人々は住み着いては離れ、住み着いては離れを繰り返していた。
そのおかげで、特に誰もこの土地の所有権で揉めるようなことはなかった。
第二次世界大戦の時には、大阪湾全域の空襲によって、この土地も焼け野原になった。
そしてそのあと、河原に少しずつ人がやってきた。
河で魚を釣るもの、それらをさばくもの、売るもの、料理にするもの。
そのための道具を売るもの、住み着いた人びとの生活雑貨を売るもの。
少しずつ人が集まり、それぞれの暮らしを始めていった。
八百屋、床屋、雑貨屋、豆腐屋、酒屋、和菓子屋、駄菓子屋、電気屋。
そこで暮らす人たちが使うものを取り扱う店が佇む。
暮らしのリズムで営まれてきた、しずかな商店街。
焼け野原に住み着いた頃から暮らしてきたじいさんやばあさんは、二階建て木造の長屋が続くその商店街の中で、当時やっていた店を閉めたまま、今もゆったり暮らしている。
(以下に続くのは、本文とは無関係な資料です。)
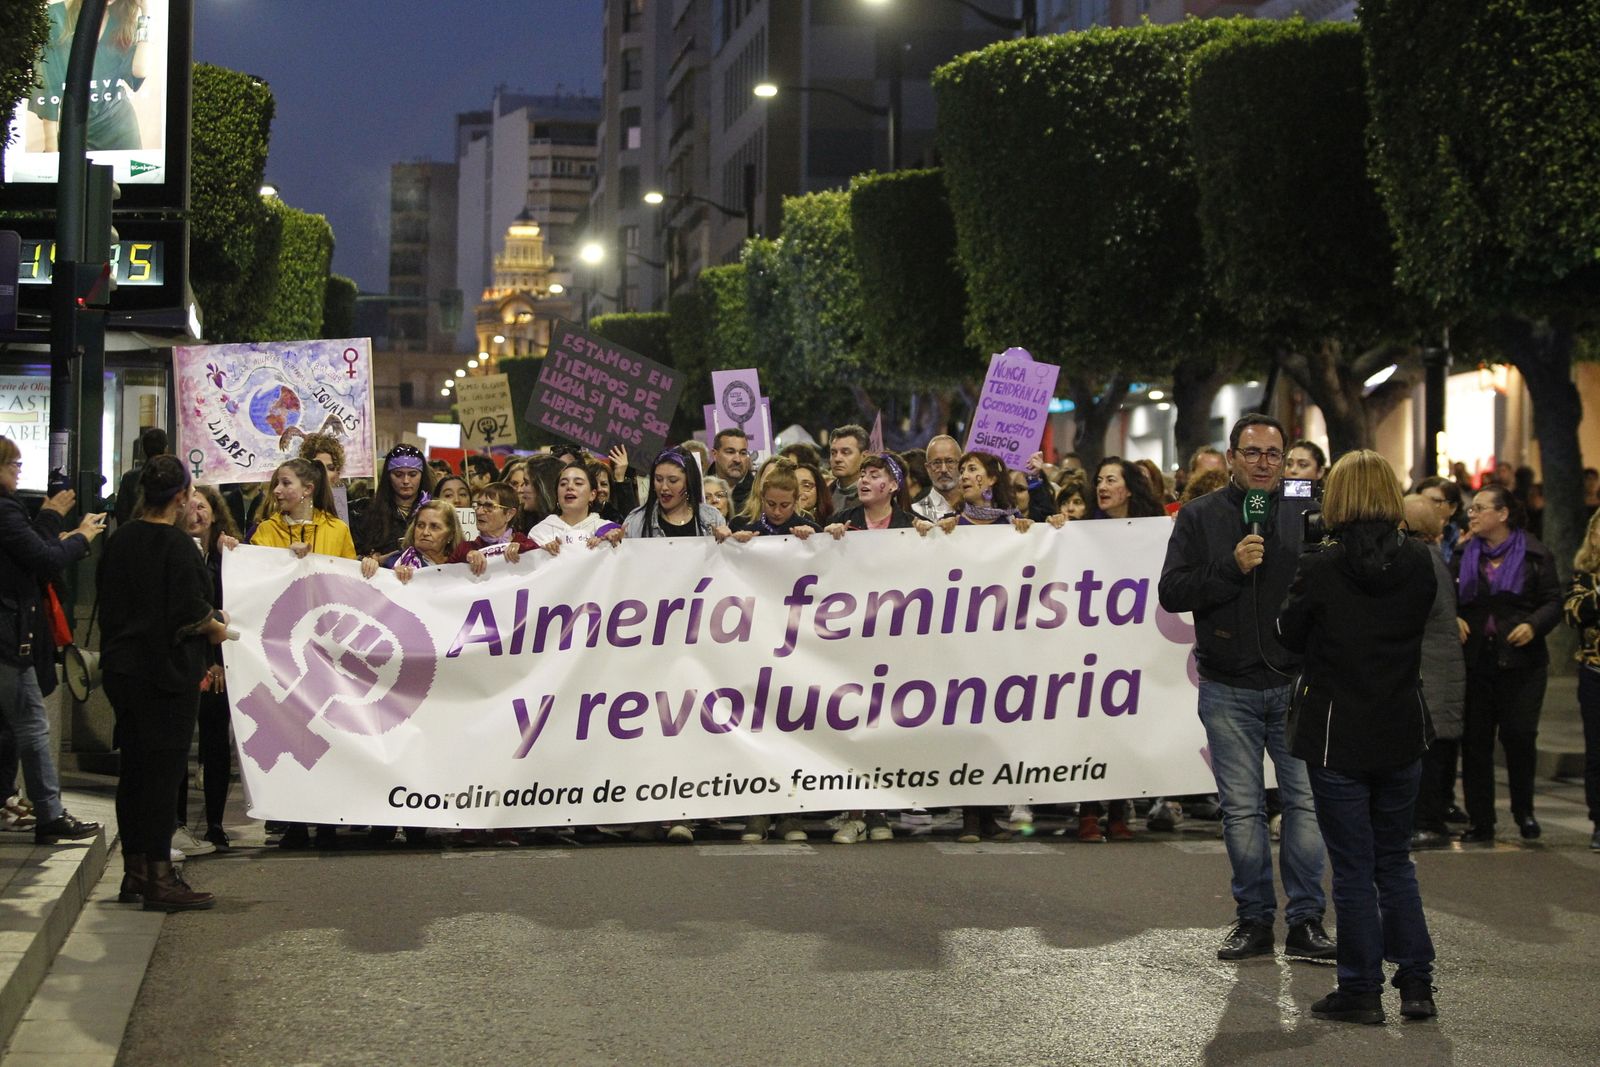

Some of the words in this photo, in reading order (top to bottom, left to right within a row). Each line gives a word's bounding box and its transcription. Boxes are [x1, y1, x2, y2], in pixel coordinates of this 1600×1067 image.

[62, 79, 126, 91] EVA
[554, 350, 629, 397] TIEMPOS
[634, 387, 661, 411] DE
[562, 333, 642, 377] ESTAMOS
[647, 369, 673, 392] EN
[993, 360, 1027, 383] NUNCA
[312, 386, 361, 431] IGUALES
[539, 366, 586, 400] LUCHA
[588, 389, 605, 407] SI
[608, 396, 640, 422] POR
[642, 412, 670, 438] SER
[540, 390, 596, 424] LIBRES
[606, 419, 644, 445] NOS
[1033, 389, 1048, 407] LA
[207, 418, 256, 468] LIBRES
[540, 411, 603, 448] LLAMAN
[977, 414, 991, 429] de
[994, 420, 1035, 439] nuestro
[445, 576, 756, 658] Almería
[773, 565, 1150, 657] feminista
[511, 693, 556, 760] y
[575, 653, 1142, 740] revolucionaria
[388, 782, 583, 810] Coordinadora
[592, 779, 627, 803] de
[635, 772, 782, 801] colectivos
[787, 765, 940, 797] feministas
[948, 762, 985, 786] de
[992, 756, 1108, 786] Almería
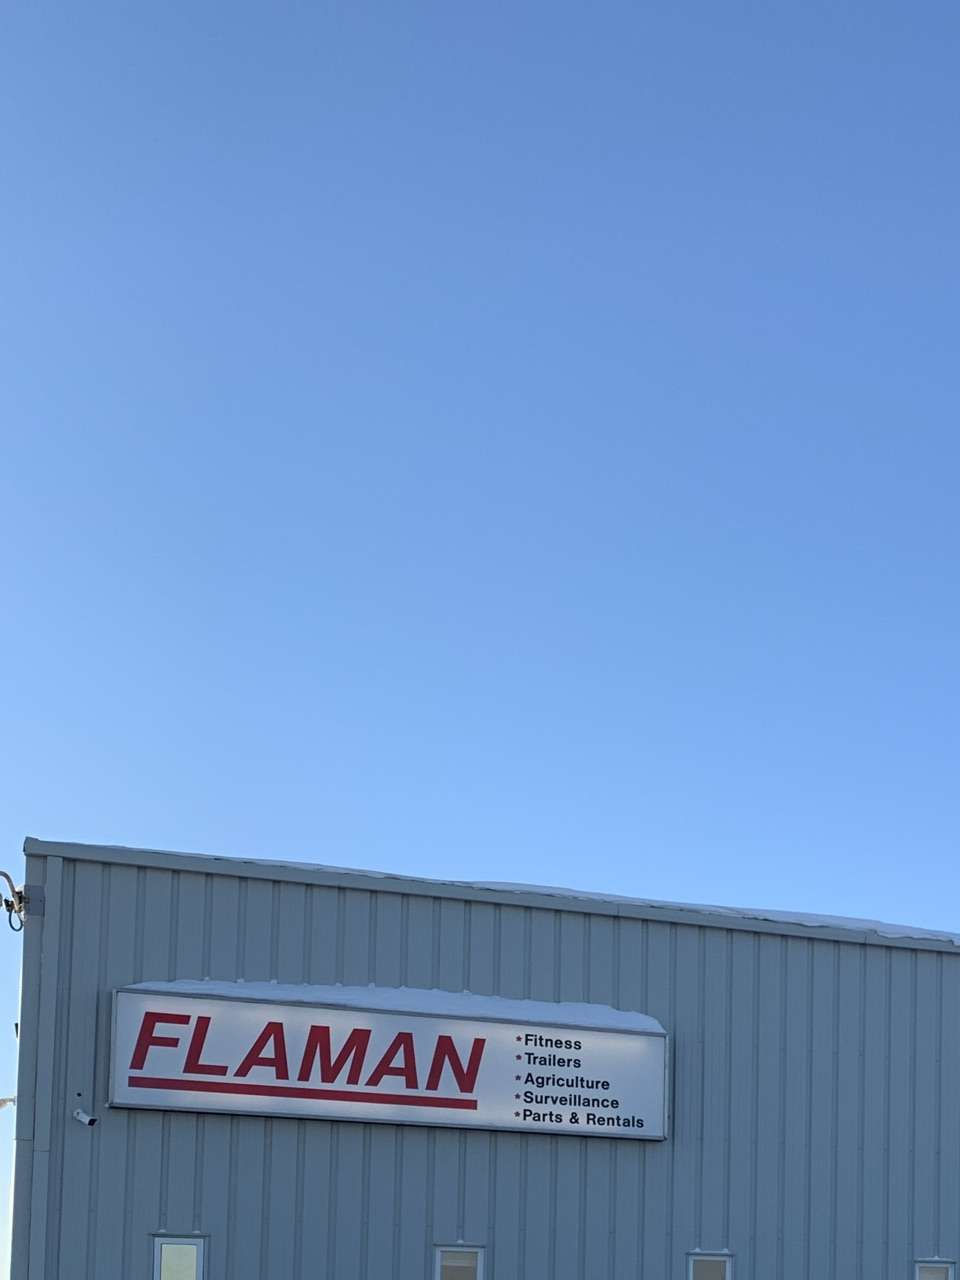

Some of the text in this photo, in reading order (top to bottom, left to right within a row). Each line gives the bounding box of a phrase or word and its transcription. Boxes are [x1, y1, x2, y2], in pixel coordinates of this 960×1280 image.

そんな商店街に、少しずつ若者が住み着き、それぞれの暮らしを始めた。
その中の何人かは、黙々と物づくりをしていた。
みそを仕込む。
褌や腹帯や手拭いを染める。
糸をよる。
ミシンをかける。
シェアアトリエ、共同作業所、道具の貸し借り、物と物、技と技の交換、共有。
商店街の中でつくられた様々なものとものが行き来し、人と人が交流する。
暮らしと経済と政治の線引きが曖昧になっていき、自給と自治と自営が絡み合う。
その渦中を切り取りわかちあう瓦版が、商店街をめぐる。
小さく、確かな、シェアと、拡散。
商店街の一角にある、瓦版をつくるために集まっていたゆるやかな集会場のようなスペースは、誰でも無料(人によっては投げ銭をしていく)でお茶が飲める茶房のようになっていった。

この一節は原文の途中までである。